LNG wypycha Gazprom z jego strefy wpływów w Europie

25 sierpnia 2020, 06:30 Alert

Kommiersant podaje, że Gazprom traci pozycję w Europie Środkowej i Południowo-Wschodniej na rzecz LNG.

88. dostawa LNG do terminalu w Świnoujściu. Fot. Polskie LNG
88. dostawa LNG do terminalu w Świnoujściu. Fot. Polskie LNG

Bulgartransgaz wykupił 20 procent przepustowości terminalu LNG, który ma powstać w Aleksandropolis w Grecji. Kommiersant przypomina, że z tego względu tylko czterech klientów Gazpromu w regionie pozostanie w następnych dwóch latach bez dostępu do terminali LNG: Austria, Czechy, Serbia i Węgry. Jednakże trzy z nich (poza Serbią) są dobrze skomunikowane z rynkiem gazu w Europie i mogą sprowadzić LNG za pośrednictwem sąsiadów.

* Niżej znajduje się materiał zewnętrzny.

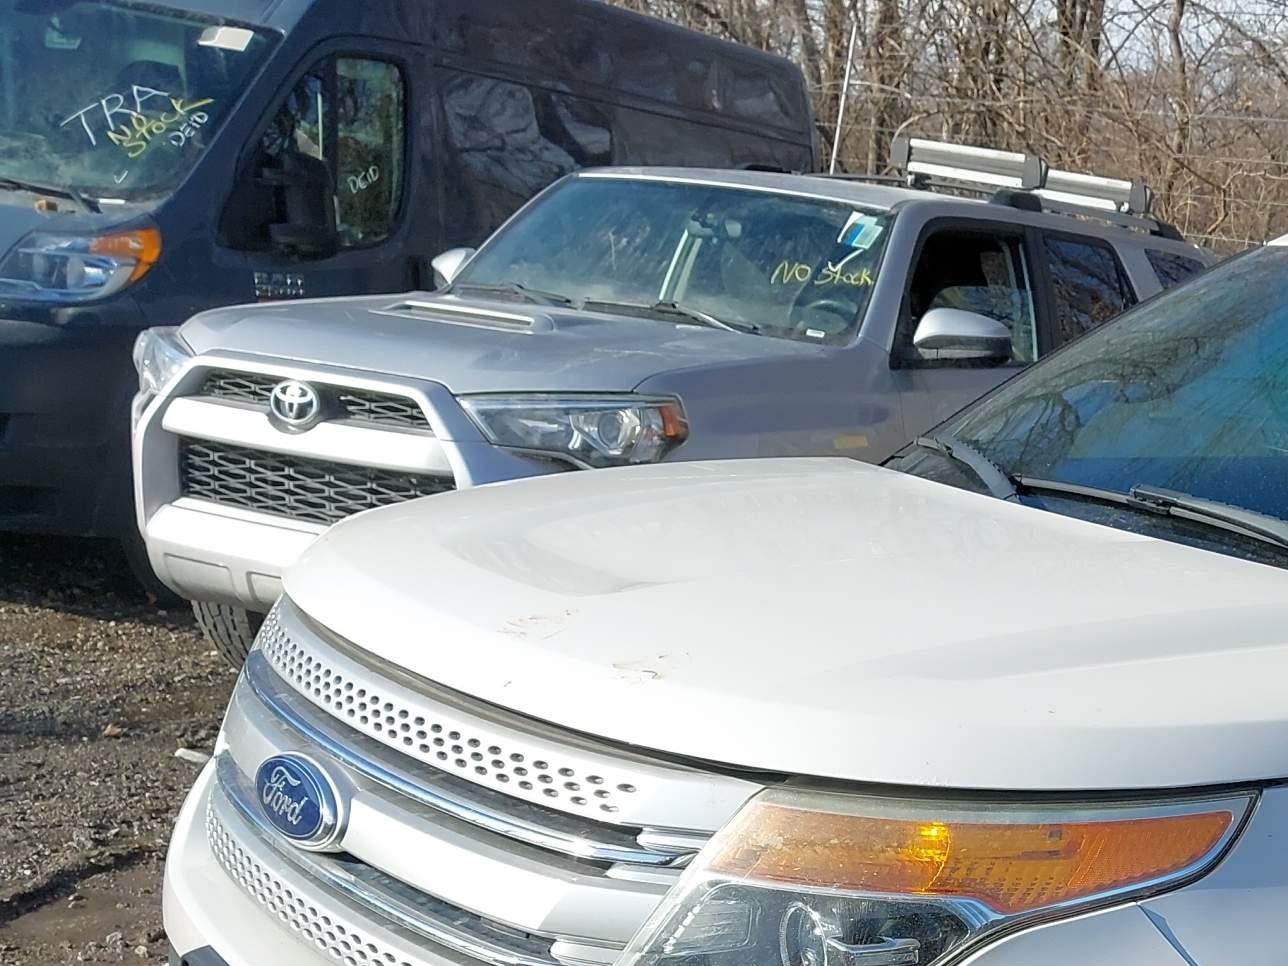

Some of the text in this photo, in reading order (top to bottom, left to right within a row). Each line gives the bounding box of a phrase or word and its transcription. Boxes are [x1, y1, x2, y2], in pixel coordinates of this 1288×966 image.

[60, 84, 169, 146] TRA
[770, 260, 811, 285] NO
[262, 766, 309, 825] Ford

Kommiersant przyznaje, że dostawy LNG obniżają cenę gazu w hubach europejskich, uderzając w „rezerwy cenowe” Gazpromu w Europie Południowej, w której posiadał drogie kontrakty pozwalające poprawiać jego wyniki nawet w razie spadku ceny w innych obszarach rynku. – Dostawcy LNG aktywnie wypychają Gazprom z rynku – stwierdza Kommiersant. Przykładem może być wspomniana Bułgaria, który kupiła w zeszłym roku 0,5 mld m sześc. gazu skroplonego i zmniejszyła zakupy z Gazpromu o tę samą ilość, powodując spadek dostaw z Rosji do tego kraju o 24 procent. LNG poprawi pozycję negocjacyjną Bułgarii podczas renegocjacji kontraktu długoterminowego z Gazpromem w 2022 roku.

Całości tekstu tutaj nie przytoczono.